Paul Bodnar bodnar fas harvard edu Reading Outline for by katiebelonga


									Paul Bodnar                                              

Reading Outline for IR Field Seminar, Week 2
Robert O. Keohane, After Hegemony: Cooperation and Discord in the World Political
Economy (Princeton, 1984), Chapter 1

Keohane fuses aspects of neorealism and institutionalism to show that cooperation can arise
among self-interest maximizing states in the anarchic international system even in the absence of
a hegemon. His argument is clearly prompted by historical factors specific to the time in which
he wrote the book (date of publication, 1984). His starting points are:
     The period of US hegemony has concluded with the rise of Japan and Europe as
       economic powers and the continuing military superpower status of the Soviet Union
     International cooperation peaked in the decades after World War II and is in general,
       though not uniform, decline.
     “Cooperation” defined as active attempts, derived from shared interests, to adjust policies
       to meet the demands of others
     Explanandum: under what conditions can independent countries cooperate in the world
       political economy in the absence of a hegemon?
     Examines only advanced market economies.
     Examines only situations where common interests are already given (formation of such
       interests is exogenous to his model).

Substantive points
    Hegemony  cooperation  interdependence  regime continuity even in the absence
      of hegemony.
    Thus hegemony can facilitate cooperation but is neither necessary nor sufficient
      condition (more important for initiating than maintaining cooperation). Institutions can
      be sticky. “Hegemony and international regimes can be complementary, or even to some
      extent substitute for each other: both serve to make agreements possible and to facilitate
      compliance with rules.” (15)
    But also: hegemony  cooperation  interdependence  rising state intervention in
      domestic economy  more points of friction and discord in international relations
    In more detail: One state-level reaction to shield citizens from effects of interdependence
      is to increase the degree of government intervention in domestic affairs (principally the
      economy). Both interdependence and intervention create more points of friction and
      vulnerability. Thus cooperation can lead to more discord in international politics, and
      there is a need to distinguish between harmony and cooperation.
    International regimes have formed for purposes beyond the balance of power, and their
      formation can be explained by egoist, rational choices of states in an anarchic system.
      Uses rudimentary game theory and theories of market failure and rational choice to show
      why cooperation through international institutions makes sense even if states make
      entirely self-interested decisions
    Institutions reduce transaction costs and uncertainty, limit information asymmetries, and
      “tie governments to the mast” by generating audience costs for reneging.
    Empirical examination of post-war period (through early 1984) and patterns of
      emergence and decay (or resilience) of international regimes for trade, energy, finance.

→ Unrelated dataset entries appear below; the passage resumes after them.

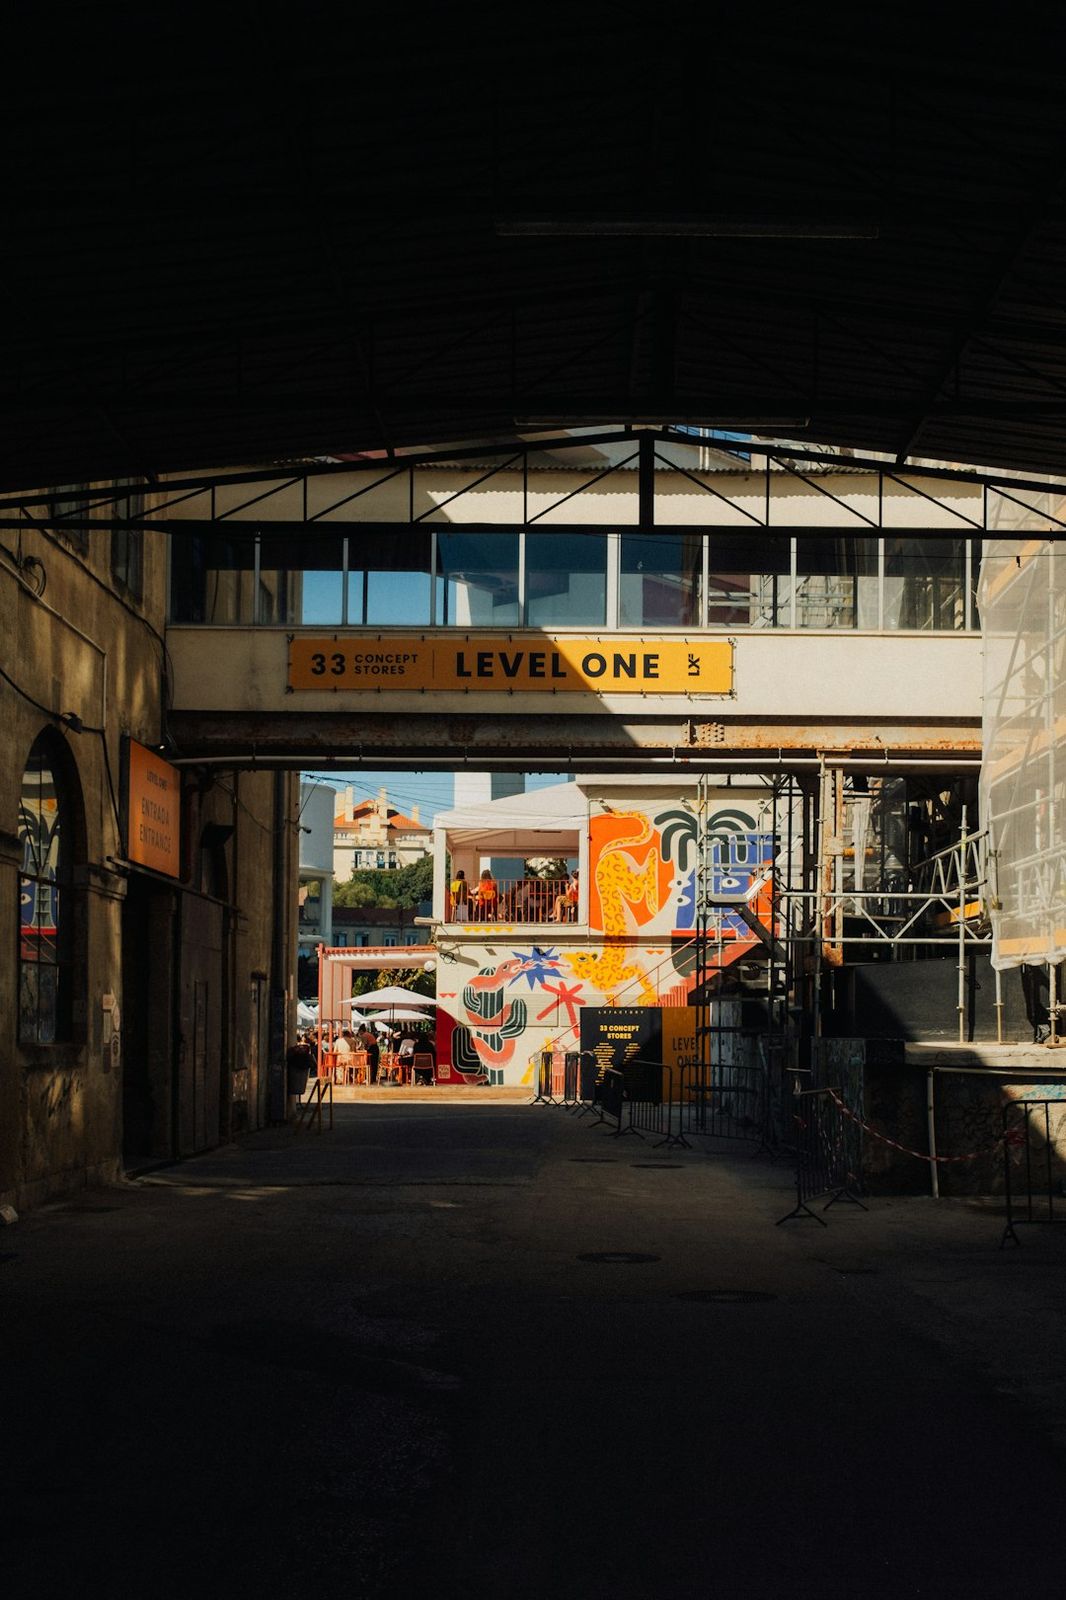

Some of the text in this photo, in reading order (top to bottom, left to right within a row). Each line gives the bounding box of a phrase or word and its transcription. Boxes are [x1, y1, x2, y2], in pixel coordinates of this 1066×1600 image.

[311, 653, 419, 676] 33 CONCEPT
[354, 664, 406, 676] STORES
[456, 652, 660, 679] LEVEL ONE
[141, 797, 169, 825] ENTRADA
[139, 824, 171, 854] ENTRANCE
[672, 1037, 700, 1051] LEVE

Situating the work in the theoretical landscape
Keohane’s theoretical perspective, in this and in other works, layers institutionalism on
neorealism. His starting point is Waltzean realism, accepting the anarchic nature of the
international system as well as its lack of inherent guiding ideals and values. But Keohane notes
that this view does not explain “system-wide patterns of cooperation that benefit many countries
Paul Bodnar                                               

without being tied to an alliance system directed against an adversary.” (7). Thus he moves to
incorporate the arguments of institutionalists who view international cooperation as an outcome
of rational states seeking to maximize their own interests through joint gains (though Keohane
disparages institutionalists who “incorporate in their theories excessively optimistic assumptions
about the role of ideas in world politics” (8). He sets out to disprove realists’ pessimistic
conclusions about the prospects for cooperation, using the realist framework itself as a starting
point. “Realist theories that seek to predict international behavior on the basis of interest and
power alone are important but insufficient for an understanding of world politics… [and] need to
be supplemented… by theories stressing the importance of international institutions.” (14) This
work offers an effective critique of hegemonic stability theory which had gained currency in the
late 1970s.

     An important synthesis of realism and institutionalism, helping shed light on why
       international regimes not strictly tied to balance of power politics form and persist even
       as underlying power dynamics shift in the international system
     At least in this introduction, does not address the distinction between absolute and
       relative gains. International regimes (e.g. trade agreements) may provide joint gains but in
       an anarchic system, units are also (principally?) concerned with the distributional
       consequences of those gains.
     A bold but hasty attempt to make generalized theoretical conclusions about international
       politics in a period of flux. Succumbs to the temptations of historical myopia: he gives
       undue weight to the last quarter century of events, assuming that a) the current
       configuration of the international system represents something new under the sun, and b)
       its essential characteristics will persist. That’s how he gets to the statement: “As long as
       the world political economy persists… its central political dilemma will be how to
       organize cooperation without a hegemon.” (10) Even ten years later, he would have seen
       the imprudence of building an argument on such assumptions.